GAINREF2_SRC="$BASE_DIR/06042022/gainref"

GAINREF1_FILE=$(find "$GAINREF1_SRC" -type f -name "*.gain" | head -n 1)
GAINREF2_FILE=$(find "$GAINREF2_SRC" -type f -name "*.gain" | head -n 1)

if [ -f "$GAINREF1_FILE" ]; then
    cp "$GAINREF1_FILE" "$BASE_DIR/gain1/gainref1.gain"
    echo "→ gainref1.gain copied to gain1/"
    rm -rf "$BASE_DIR/01122021"
else
    echo "No .gain file found in $GAINREF1_SRC"
fi

if [ -f "$GAINREF2_FILE" ]; then
    cp "$GAINREF2_FILE" "$BASE_DIR/gain2/gainref2.gain"
    echo "→ gainref2.gain copied to gain2/"
    rm -rf "$BASE_DIR/06042022"
else
    echo "No .gain file found in $GAINREF2_SRC"
fi

# Step 6: Rename folders and files
for GAIN_DIR in "$BASE_DIR/gain1" "$BASE_DIR/gain2"; do
    for original_name in "${!RENAME_MAP[@]}"; do
        new_name="${RENAME_MAP[$original_name]}"
        src_folder="$GAIN_DIR/$original_name"
        dest_folder="$GAIN_DIR/$new_name"

        if [ -d "$src_folder" ]; then
            echo "Renaming folder: $original_name → $new_name"
            mv "$src_folder" "$dest_folder"

            # Rename .mdoc
            old_mdoc=$(find "$dest_folder" -maxdepth 1 -name "*.mdoc" | head -n 1)
            if [ -f "$old_mdoc" ]; then
                mv "$old_mdoc" "$dest_folder/${new_name}.mdoc"
                echo "Renamed .mdoc to ${new_name}.mdoc"
            fi

            # Rename all .eer files
            for eer_file in "$dest_folder"/*.eer; do
                if [[ -f "$eer_file" ]]; then
                    angle=$(echo "$eer_file" | sed -E 's/.*\[(.*)\]_EER\.eer/\1/')
                    mv "$eer_file" "$dest_folder/${new_name}[${angle}]_EER.eer"
                    echo "Renamed .eer to ${new_name}[${angle}]_EER.eer"
                fi
            done
        fi
    done
done

echo "Everything is cleaned, organized, and renamed."

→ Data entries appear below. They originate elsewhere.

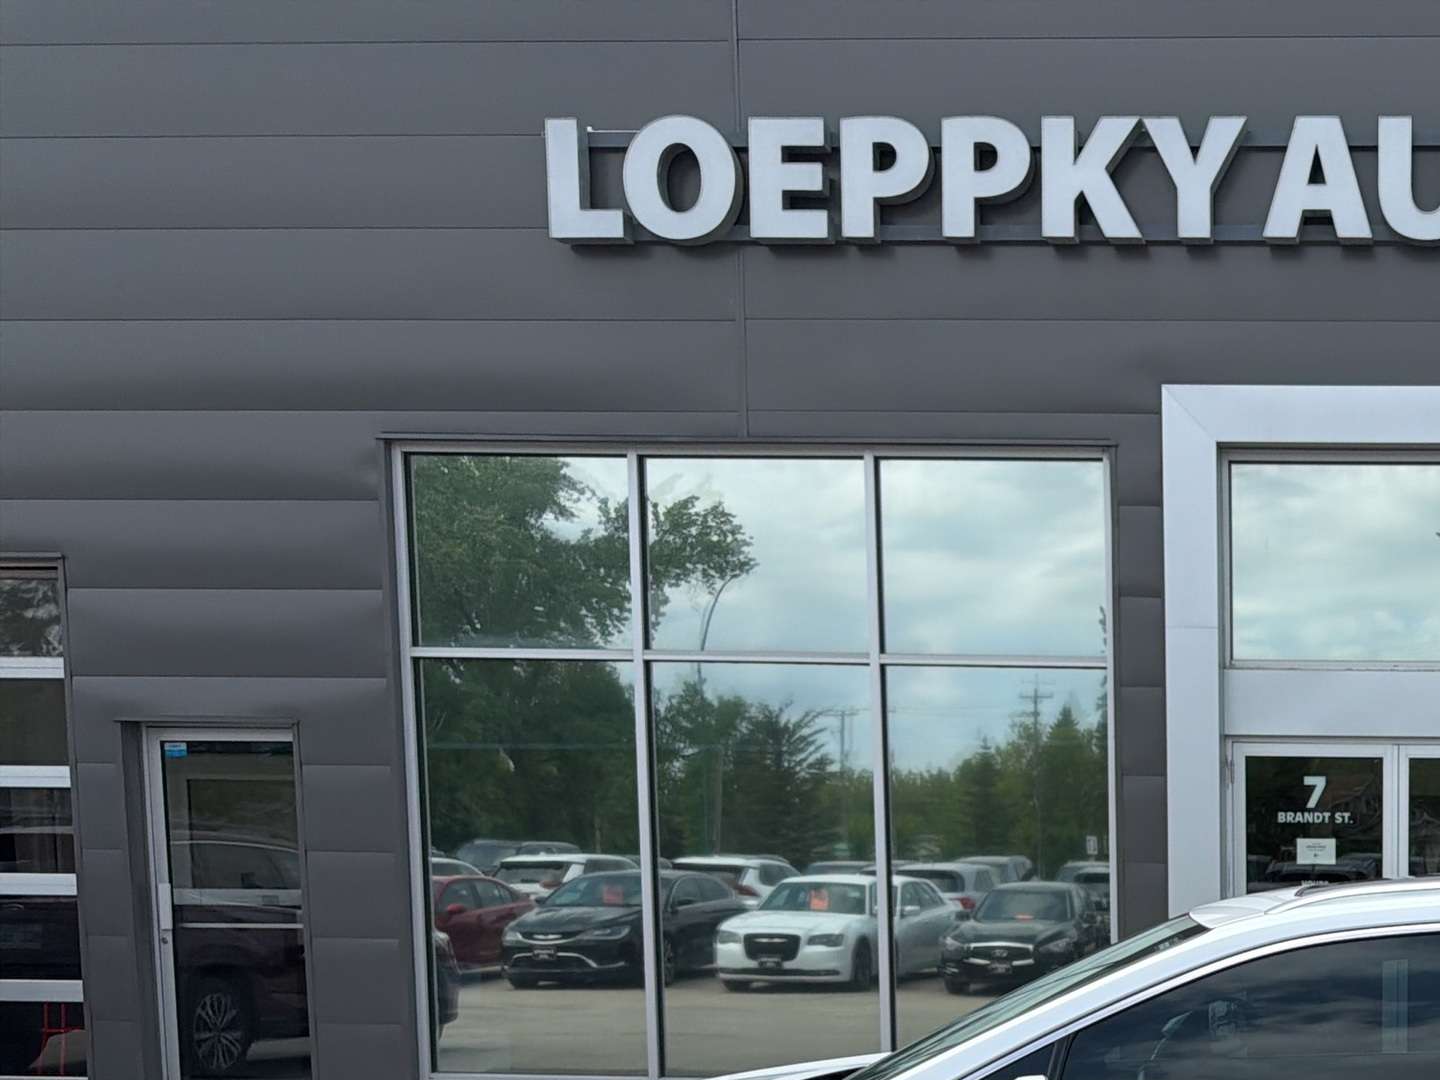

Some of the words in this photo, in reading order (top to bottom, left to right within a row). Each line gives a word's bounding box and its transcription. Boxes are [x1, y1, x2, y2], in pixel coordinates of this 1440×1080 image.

[543, 115, 1248, 243] LOEPPKY
[1303, 775, 1327, 809] 7
[1277, 811, 1331, 824] BRANDT
[1334, 811, 1354, 824] ST.
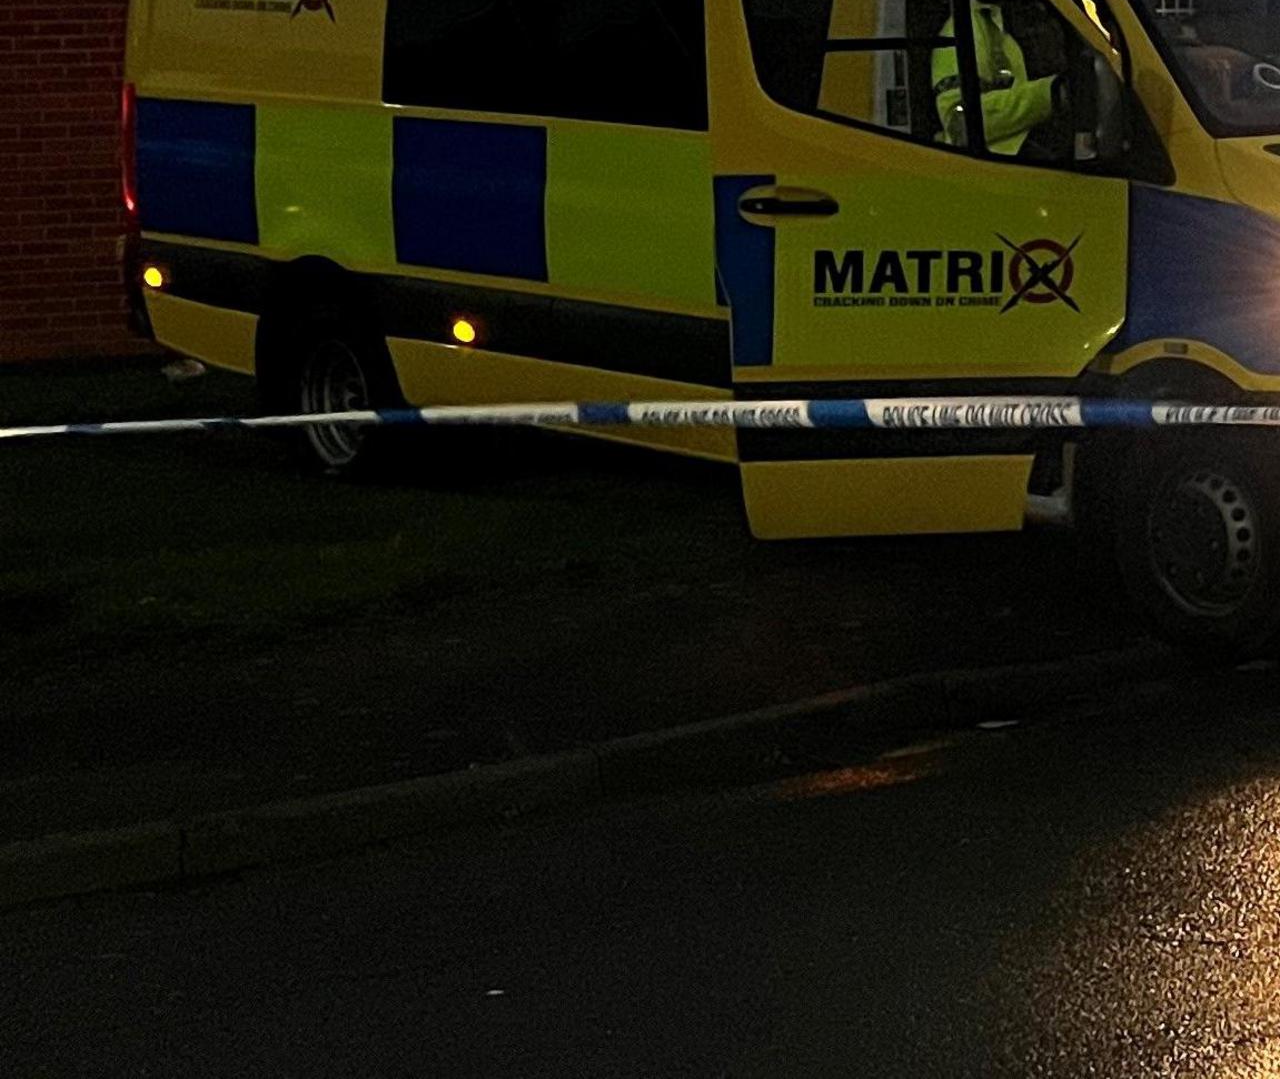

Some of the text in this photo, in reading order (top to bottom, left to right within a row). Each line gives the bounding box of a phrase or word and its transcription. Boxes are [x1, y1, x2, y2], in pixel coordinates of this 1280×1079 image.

[814, 296, 884, 307] CRACKING
[889, 296, 931, 307] DOWN
[935, 296, 954, 307] ON

Finally run the python_organise.py script below. It will modify the .mdoc and create gain1_links and gain2_links folders that contains soft links to .eer and .mdoc.

python_organise.py


import os
import re
import sys

def parse_mdoc(mdoc_path):
    subframe_pattern = re.compile(r"SubFramePath\s*=\s*(.+)")
    bracket_pattern = re.compile(r"\[(.+?)\]")

    mdoc_data = []
    subframe_paths = []

    with open(mdoc_path, 'r') as mdoc_file:
        for line in mdoc_file:
            mdoc_data.append(line)
            match = subframe_pattern.match(line.strip())
            if match:
                old_path = match.group(1).strip()
                bracket_value = bracket_pattern.search(old_path)
                if bracket_value:
                    subframe_paths.append((old_path, bracket_value.group(1)))
    return mdoc_data, subframe_paths

def find_matching_files(folder_path):
    bracket_pattern = re.compile(r"\[(.+?)\]")
    eer_files = []

    for filename in os.listdir(folder_path):
        if filename.endswith(".eer"):
            match = bracket_pattern.search(filename)
            if match:
                bracket_value = match.group(1)
                full_path = os.path.join(folder_path, filename)
                eer_files.append((filename, bracket_value, full_path))
    return eer_files

def update_mdoc_in_place(mdoc_path, mdoc_data, subframe_paths, eer_files):
    updated_data = []
    for line in mdoc_data:
        updated_line = line
        for old_path, bracket_value in subframe_paths:
            if old_path in line:
                matching_files = [file for file in eer_files if file[1] == bracket_value]
                if matching_files:
                    new_filename = matching_files[0][2]
                    updated_line = line.replace(old_path, new_filename)
                break
        updated_data.append(updated_line)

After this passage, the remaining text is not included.